Sem as ameaças da escatologia da religião, sem o sentimento de culpa que brota de dentro do próprio cidadão e que talvez – como brota dele mesmo – este possa extirpá-lo. E lembro que muitos se declaram incapazes de sentir culpa. Sem a ideia corrente que se é obrigado a "salvar" outrem se outrem – ao menos – não possa oferecer algo em troca do salvamento, justificado está o não interesse pelo "próximo", mas o desprezo mesmo por este "próximo" já que se trata de um ente abstrato, deletério, anônimo que não encontra mais espaço no mundo de hoje, cujo ato de "ajudar" "cheira a atraso", puerilidade, ingenuidade de quem ajuda! A Pós-modernidade sonha com isso, com a abolição de todos esses valores modernos – para que tudo seja, de fato, possível! 

A Pós-modernidade não é como a Modernidade que sonhava com a "libertação" dos trabalhadores da "exploração" capitalista. Quem consegue provar que os trabalhadores não exerçam poder de exploração entre eles mesmos e com as pessoas mais ricas? Foucault (1926-1984) já demonstrou que o poder não é privilégio de uma classe, mas de todas. Ele demonstrou que o poder não é exercido por alguém porque este alguém tenha mais ou menos dinheiro, mas o poder se exerce por todos, independente desse alguém ter mais ou menos dinheiro e se exerce de formas bem diferentes, algo que Marx (moderno) não poderia ver.


Michel Foucault


A Pós-modernidade não sonha com um libertador (o messias religioso ou o herói). Ela sonha com um mundo livre de opressão, tanto das ditaduras da direita quanto da esquerda. Com um mundo onde não se seja espancado ou morto por pensar diferente da maioria.

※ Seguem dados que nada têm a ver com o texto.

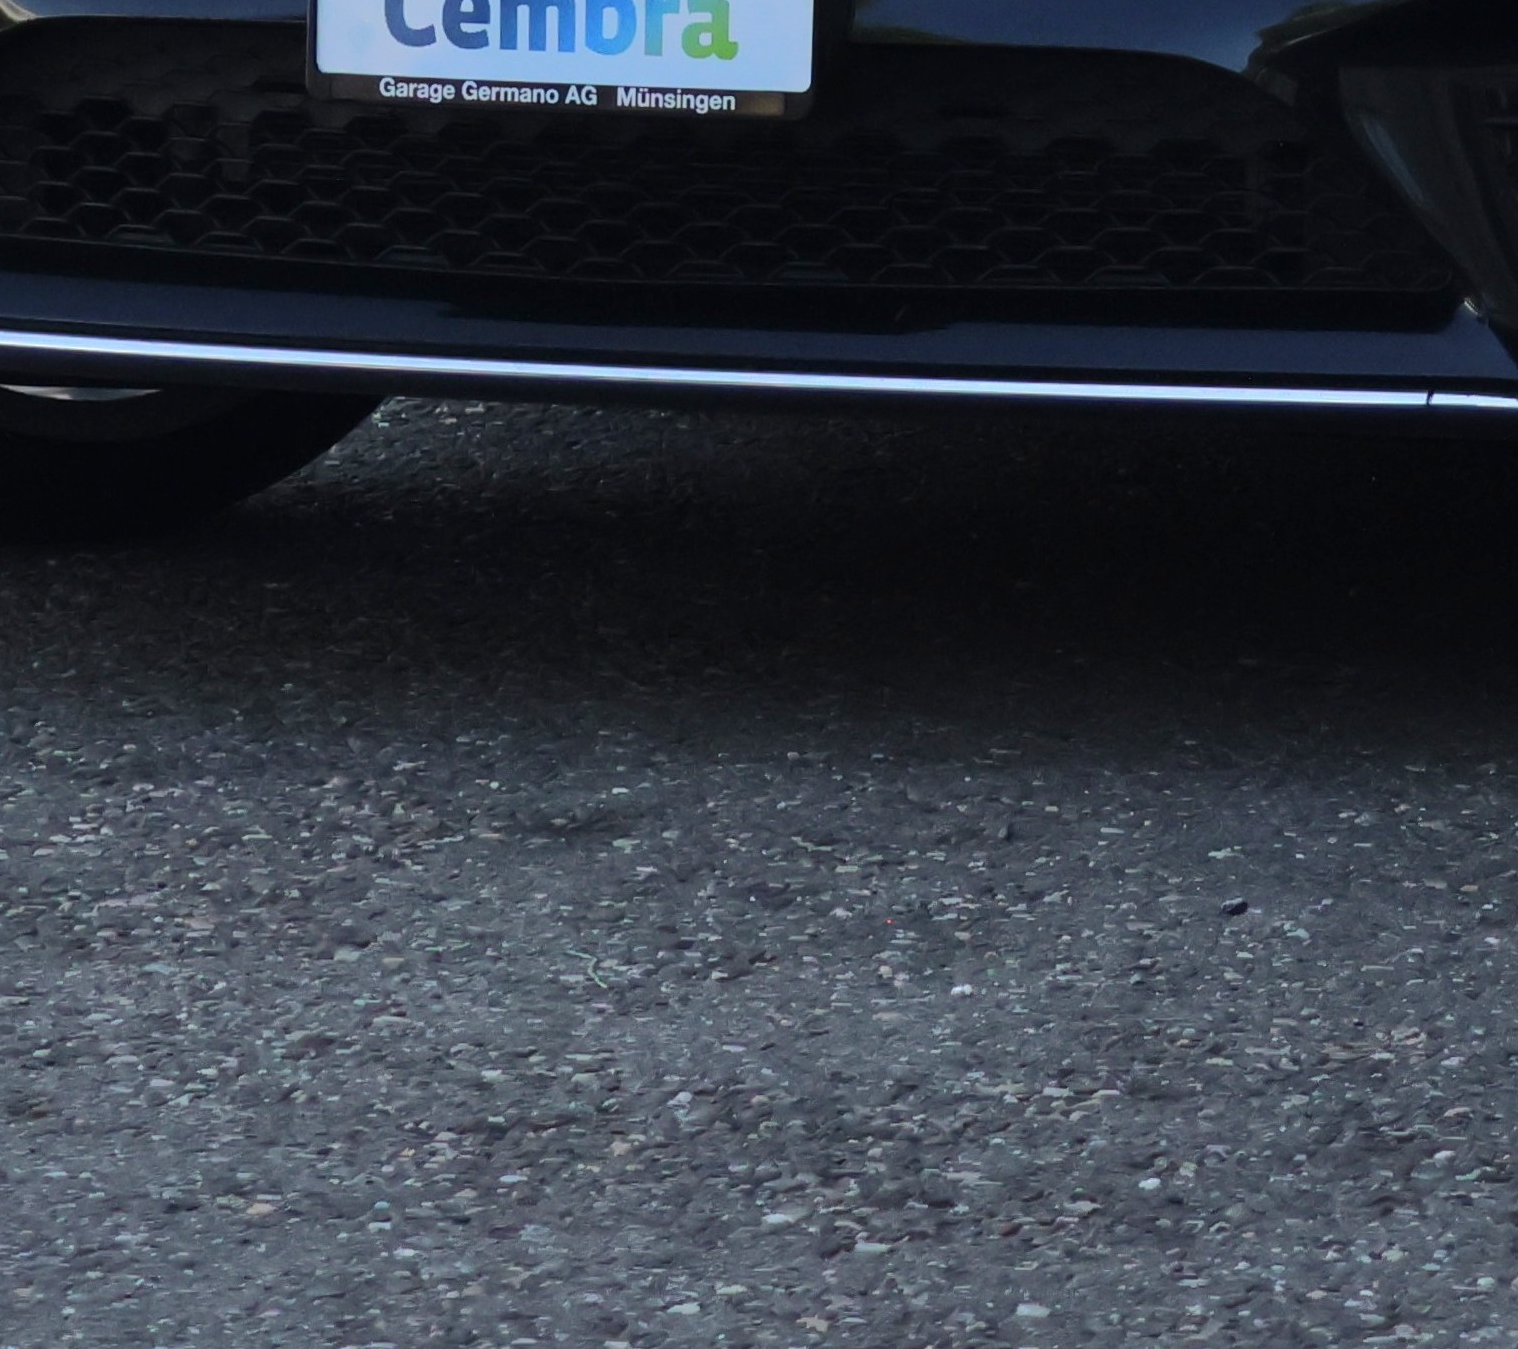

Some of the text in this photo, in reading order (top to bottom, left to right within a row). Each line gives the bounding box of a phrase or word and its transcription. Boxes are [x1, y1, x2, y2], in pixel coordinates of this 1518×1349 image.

[379, 77, 737, 114] Garage Germano AG Münsingen

Os jovens do passado acreditavam numa lei simples: causa e efeito. Por exemplo, todo aquele que estuda em faculdade espera ter um emprego melhor do que aquele que não tem estudos. Mas no mundo pós-moderno os jovens sabem que essa lei pode falhar porque este mundo é incerto, instável, assim como ter sucesso na vida não está garantido nem pelo trabalho nem pelo estudo. Na prática, qualquer pessoa pode trabalhar quatro ou cinco anos como panificador, engenheiro ou editor de uma revista e, em uma bela tarde, o dono do estabelecimento pode marcar uma reunião para anunciar que a empresa de panifício, a empresa de engenharia ou a revista faliram porque ela não está mais rendendo o lucro que o proprietário deseja. O que acontecerá com os funcionários e suas famílias dali para frente? (Pensa o proprietário) "não é problema meu!". No mundo pós-moderno problemas como o desemprego são, para o sistema econômico, político ou para o Estado, somente uma estatística.

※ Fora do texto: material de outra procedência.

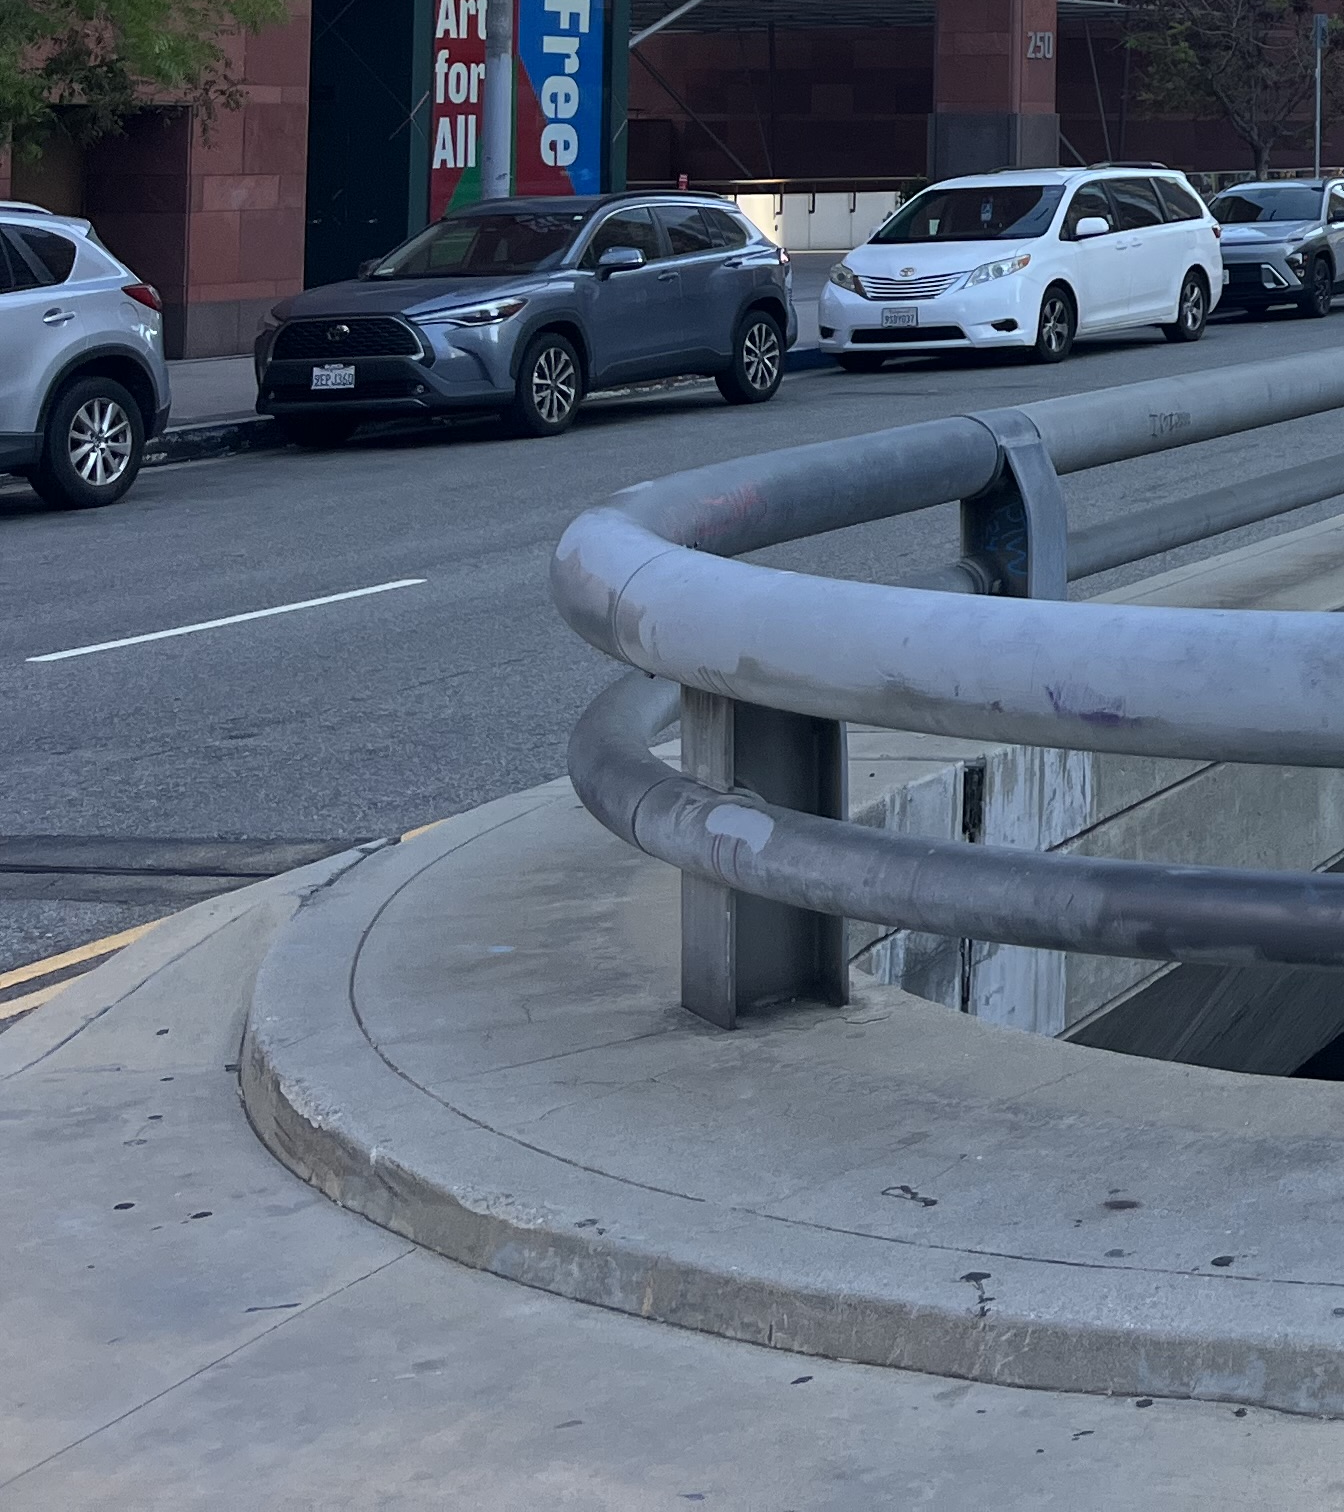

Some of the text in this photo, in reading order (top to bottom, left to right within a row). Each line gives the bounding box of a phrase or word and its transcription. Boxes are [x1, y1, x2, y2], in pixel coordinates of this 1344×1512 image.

[1027, 31, 1053, 60] 250
[435, 49, 486, 104] for
[432, 115, 477, 169] All

Não interessa a um pós-moderno se quem não estudou não o fez porque não podia pagar os estudos ou passava fome, interessa é que aquele que tenha formação tenha um emprego melhor do que aquele que não tem. De forma geral, aquele que estudou sabe que no máximo pode se lamentar pela má sorte do outro, mas pouco pode fazer pela mudança das condições que produzem os desafortunados. Os pós-modernos não culpam o sistema econômico por isso, culpam o "culpado"! É mais fácil!

Alguns pós-modernos típicos lamentam pela fome no mundo porque carregam consigo resquícios da cultura cristã, mas têm dificuldade de agir concretamente como faziam alguns modernos porque sabem que resolver isso não é de sua competência. Mas aos que se preocupam com essas coisas a Pós-modernidade oferece até mesmo uma solução para eles, pois podem se alistar em uma das várias ONGs espalhadas pelo mundo, empenhadas no combate a fome. Para os preocupados com as florestas, podem filiar-se a alguma ONG que defenda florestas. Os mais radicais (bem ao estilo revolucionário moderno) podem entrar para o Greenpeace. Os pós-modernos podem não se importar muito com aquela ativista (Ana Paula Maciel) presa na Rússia por forças militares, por atacar uma plataforma de petróleo e que aparece em rede mundial pedindo socorro para sua mãe dentro de uma jaula na cadeia.




Mas o mesmo público pós-moderno também pode demonstrar tanta tolerância liberal que é capaz de comprar a revista pornográfica (Playboy de abril de 2014), contendo fotos dessa mesma ativista em poses e roupas sensuais "presa" atrás das grades "sexualizadas", copiando o mesmo cenário da qual a militante queria escapar outrora. Mas agora, "pós-modernamente", ela está sendo paga para estar naquele lugar. Agora ela quer vender a imagem erotizada de seu corpo aproveitando que, por causa da prisão na Rússia, saiu do anonimato e é isso que importa ao pós-moderno, a possibilidade de poder conhecer o íntimo da nova "famosa".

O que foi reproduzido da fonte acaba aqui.